While I know this seems obvious I'll explain my confusion. I've always thought of Quicksort's worst case time complexity as O(n^2). The documentation for Arrays.sort(int[]) from Java 7 to Java 13 says: This algorithm offers O(n log(n)) performance on many data sets that cause other quicksorts to degrade to quadratic performance, and is typically faster than traditional (one-pivot) Quicksort implementations.
The keyword here is "many", so I assume O(n log(n)) here refers to the average case, and there still exists data sets that result in a worst case of O(n^2).
But in Java 14 and up, the documentation for Arrays.sort(int[]) says: This algorithm offers O(n log(n)) performance on all data sets.
So is the worst case for this improved implementation of Quicksort now O(n log(n)) ? Someone please clarify.
CodePudding user response:
You need to check deeper implementation of Arrays.sort(int[]).
Inside there is a function DualPivotQuicksort.sort(...) which is used for sorting.

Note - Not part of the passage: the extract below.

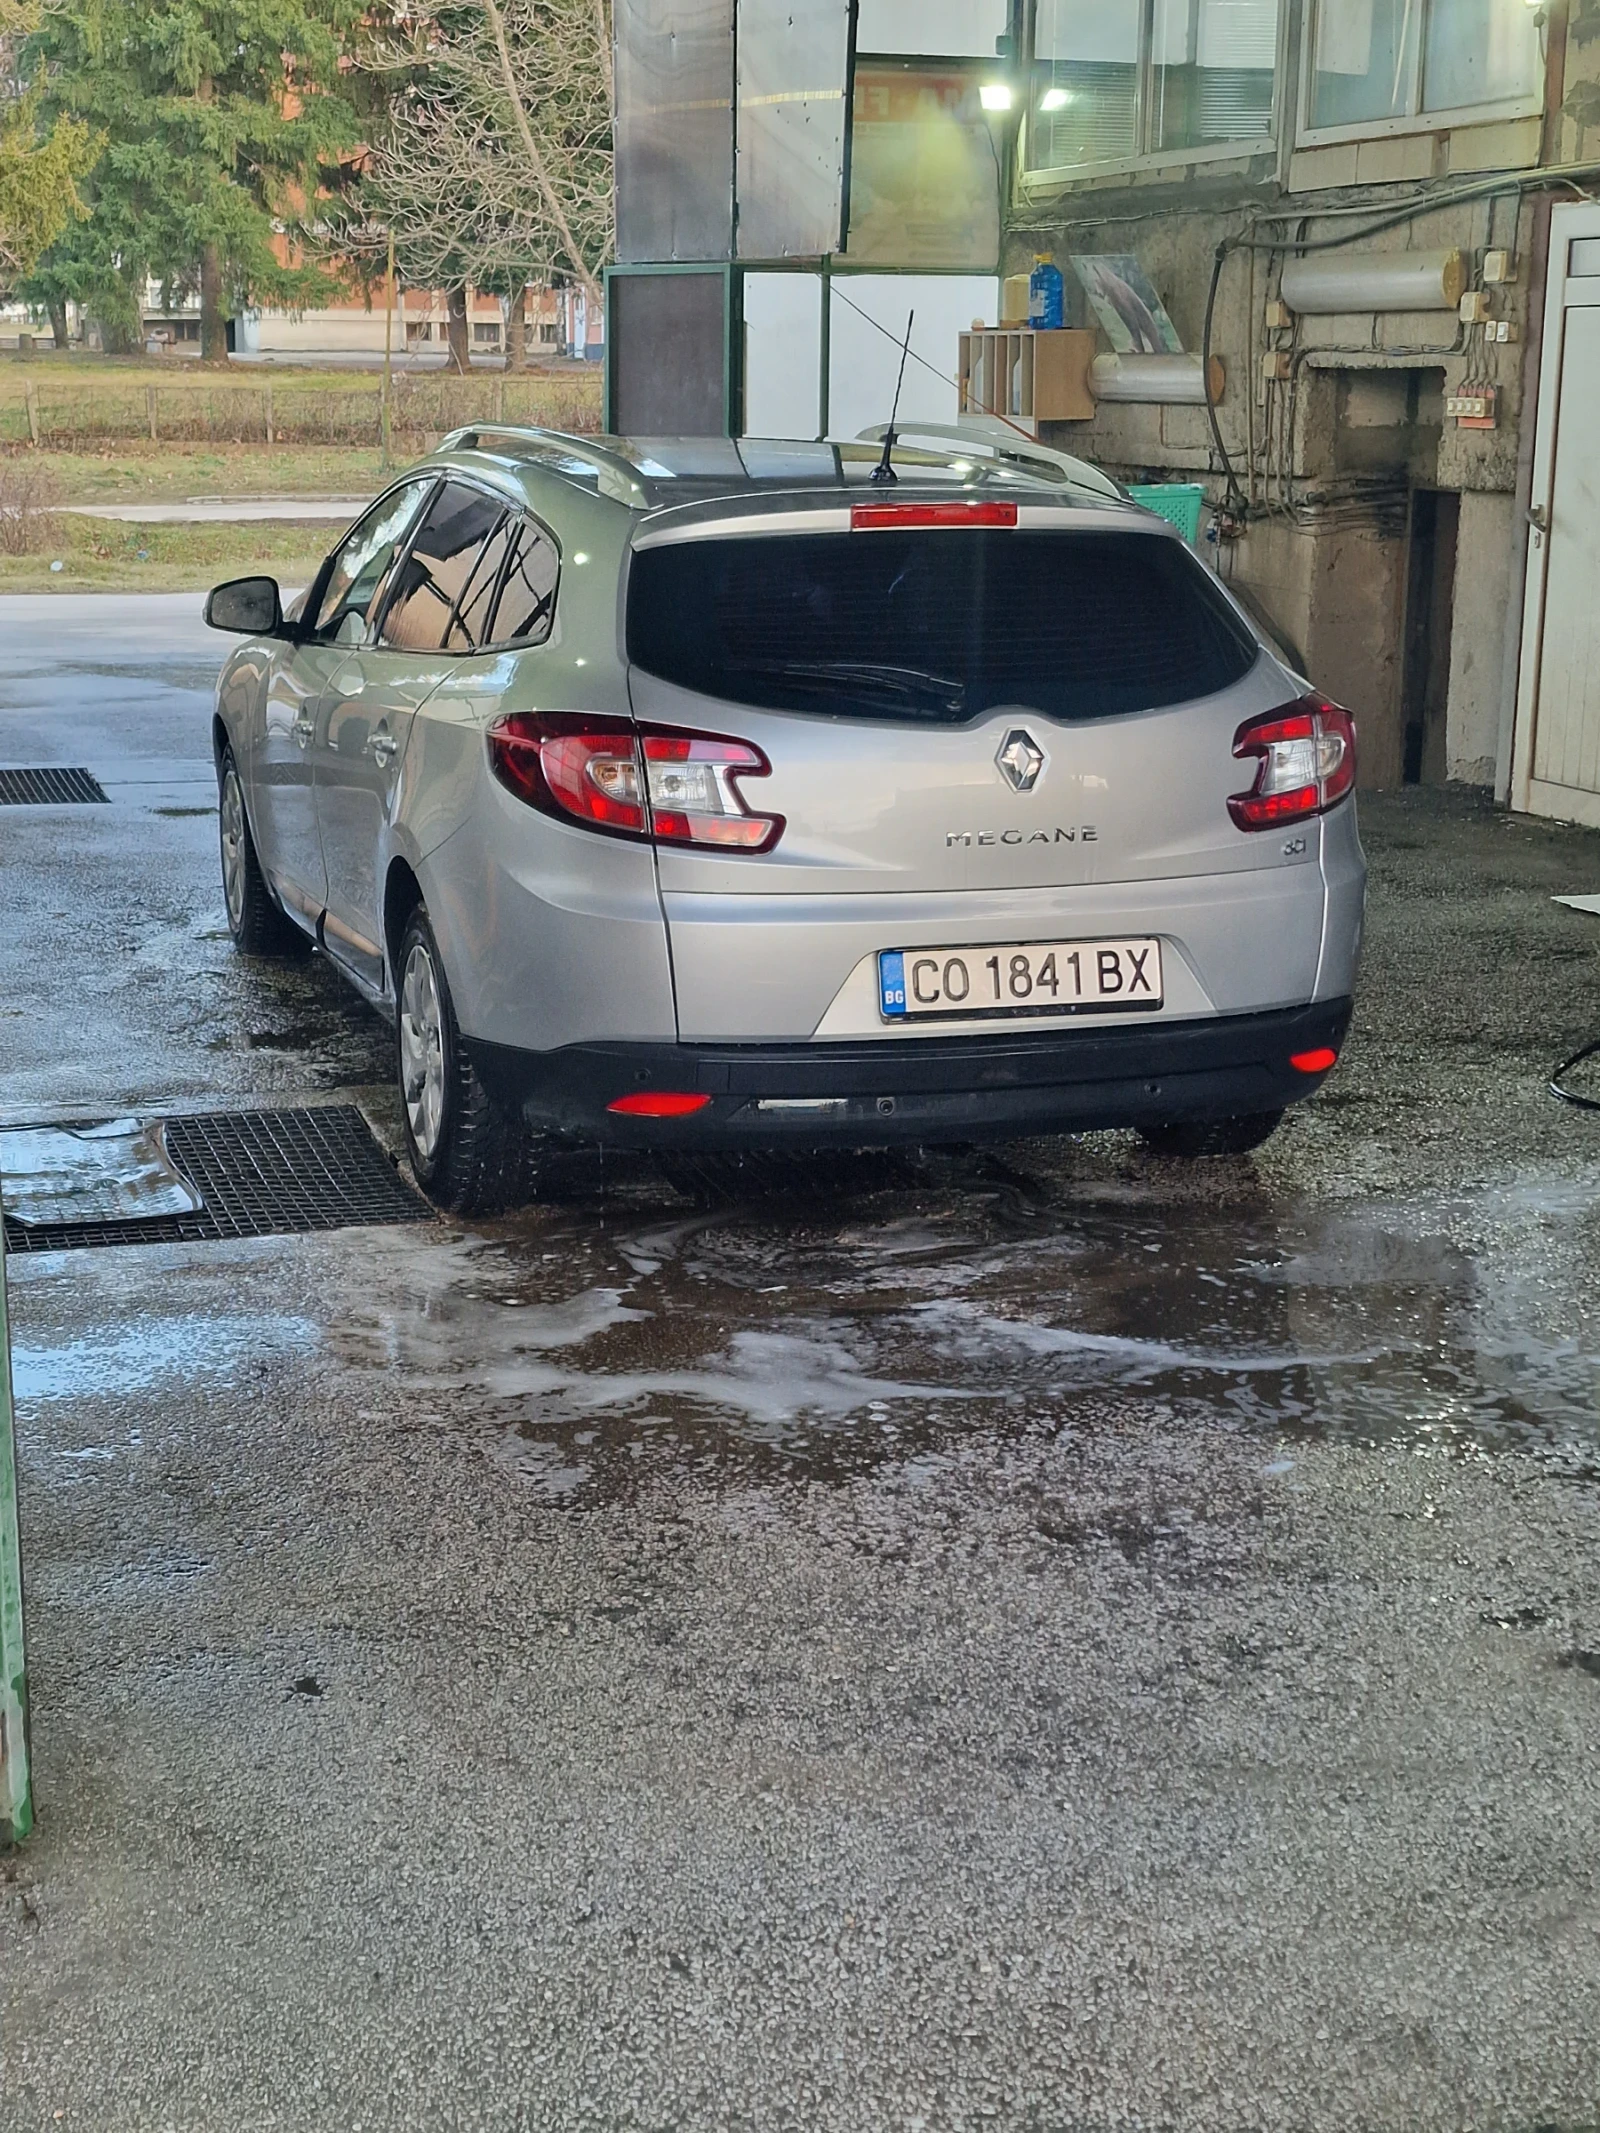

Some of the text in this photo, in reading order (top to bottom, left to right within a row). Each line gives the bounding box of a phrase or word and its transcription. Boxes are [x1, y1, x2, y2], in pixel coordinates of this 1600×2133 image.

You can see in java 7 to 13 that function have a fail safe mechanism which changes sorting type if complexity is near O(n^2), it's changing to QuickSort which average complexity is O(n log n) but it's worst is O(n^2) that's why in javaDoc description says "many data sets".
On the other hand since java 14 fail safe for higher complexity is changing sort algorithm to heapsort which have worst complexity of O(n log n) so it never will be slower than that.